The organization’s 2024 tax form, which became available a few days ago, shows that the non-profit spent close to $600 million last year advocating for Big Pharma’s financial interests and policy agenda in Washington, DC, and state capitals across the country.
And a key way in which that advocacy was accomplished was through the National Consumers League, also known as NCL.
The Examiner reports that “PhRMA donated roughly $2 million to NCL between 2020 and 2024, including $875,000 in 2024 alone.”
During that time, NCL has hewed closely to PhRMA issue positions on matters including regulation of insurers that negotiate for lower drug prices for Americans (also known as PBMs), and the 340B drug discount program that disproportionately benefits red, rural America.
But a review of content historically featured on NCL’s website indicates that prior to taking PhRMA money, the group never criticized PBMs or 340B.
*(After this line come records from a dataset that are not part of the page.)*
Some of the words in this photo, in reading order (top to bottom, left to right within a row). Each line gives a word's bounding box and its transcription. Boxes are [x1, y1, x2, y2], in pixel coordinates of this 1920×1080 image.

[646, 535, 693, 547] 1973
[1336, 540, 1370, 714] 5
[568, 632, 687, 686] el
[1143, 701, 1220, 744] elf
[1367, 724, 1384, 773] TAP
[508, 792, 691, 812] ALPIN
When asked for comment by the Examiner, NCL did not deny that their criticism of PBMs and 340B was related to the PhRMA funding, and they confirmed “that contributions from PhRMA support [the group’s] ‘healthcare work.’”
The Examiner has previously reported on apparent astroturf, “pay-to-play” advocacy efforts undertaken by PhRMA.
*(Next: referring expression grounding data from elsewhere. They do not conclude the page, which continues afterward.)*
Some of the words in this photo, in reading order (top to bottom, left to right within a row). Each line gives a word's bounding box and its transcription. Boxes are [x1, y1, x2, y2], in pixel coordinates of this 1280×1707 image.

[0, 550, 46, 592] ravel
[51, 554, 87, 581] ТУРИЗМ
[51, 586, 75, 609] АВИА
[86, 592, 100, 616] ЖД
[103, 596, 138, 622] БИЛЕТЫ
The Wall Street Journal also ran an exposé about PhRMA’s tactics in the nation’s capital, including what critics say looks like a “buying off” of supposed progressive “identity” groups like Black, Gifted & Whole– a group focused on “Black Queer men”– and MANA, A National Latina Organization.
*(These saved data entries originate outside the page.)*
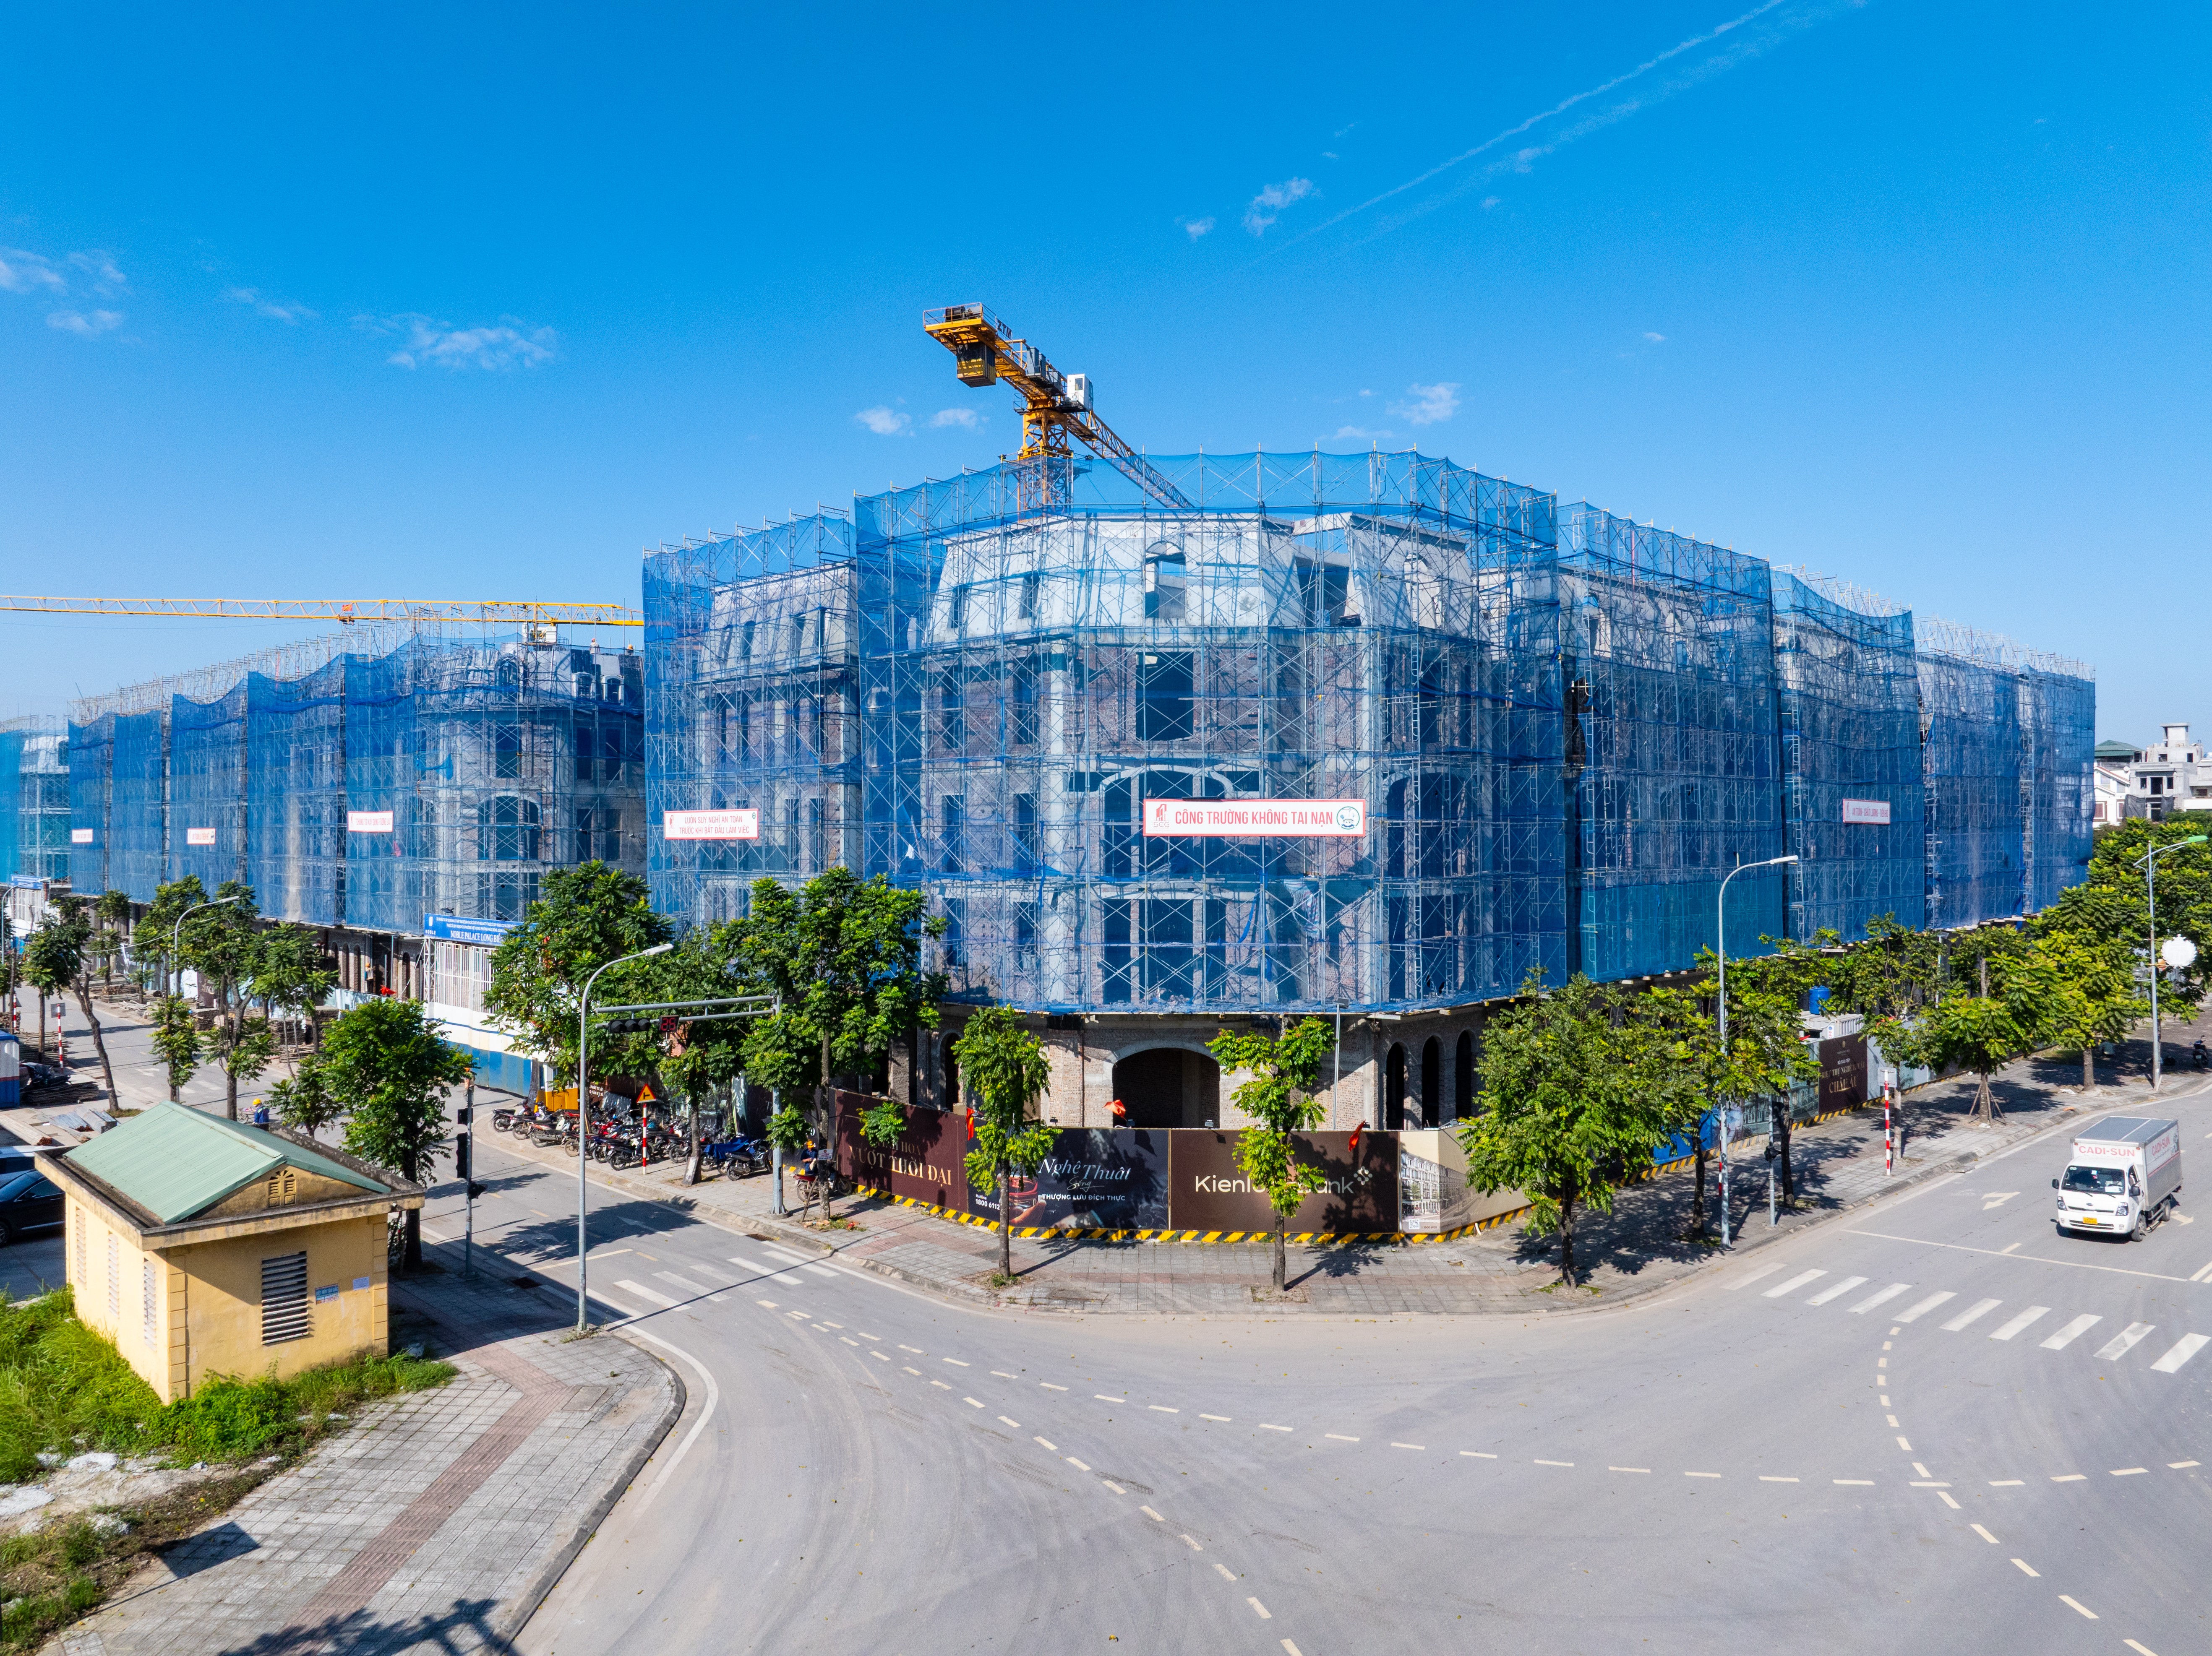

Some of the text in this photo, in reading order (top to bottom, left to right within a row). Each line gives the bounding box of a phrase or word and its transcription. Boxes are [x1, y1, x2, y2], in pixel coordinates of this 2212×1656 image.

[685, 815, 696, 824] LUÔN
[708, 815, 720, 823] NGHĨ
[730, 814, 743, 823] TOÀN
[1175, 808, 1333, 827] CÔNG TRƯỜNG KHÔNG TAI NẠN
[679, 825, 694, 834] TRƯỚC
[726, 825, 736, 834] LÀM
[738, 825, 749, 835] VIỆC
[450, 930, 464, 939] NOBLE
[464, 932, 480, 941] PALACE
[481, 933, 493, 942] LONG
[661, 1017, 676, 1031] 25
[2079, 1146, 2135, 1156] CADI-SUN
[848, 1145, 952, 1187] VƯỢT THỜI ĐẠI
[1067, 1176, 1104, 1193] Sống
[976, 1198, 988, 1207] 1800
NCL has also engaged on other issues where major industries have policy issues at stake, including higher interest rate short-term small dollar lending. Some credit unions support regulation of the annual percentage rate attached to such loans, but not the regulation of APRs on overdraft fees, which sometimes exceed more than 1000%.
Ironically, none other than Elizabeth Warren has recently taken to blasting credit unions for high overdraft fees.
The new report about PhRMA’s backing of NCL, coupled with these prior exposes, is a reminder that Health and Human Services Secretary Robert F. Kennedy, Jr., will have his work cut out for him diminishing Big Pharma’s influence over national health care policy.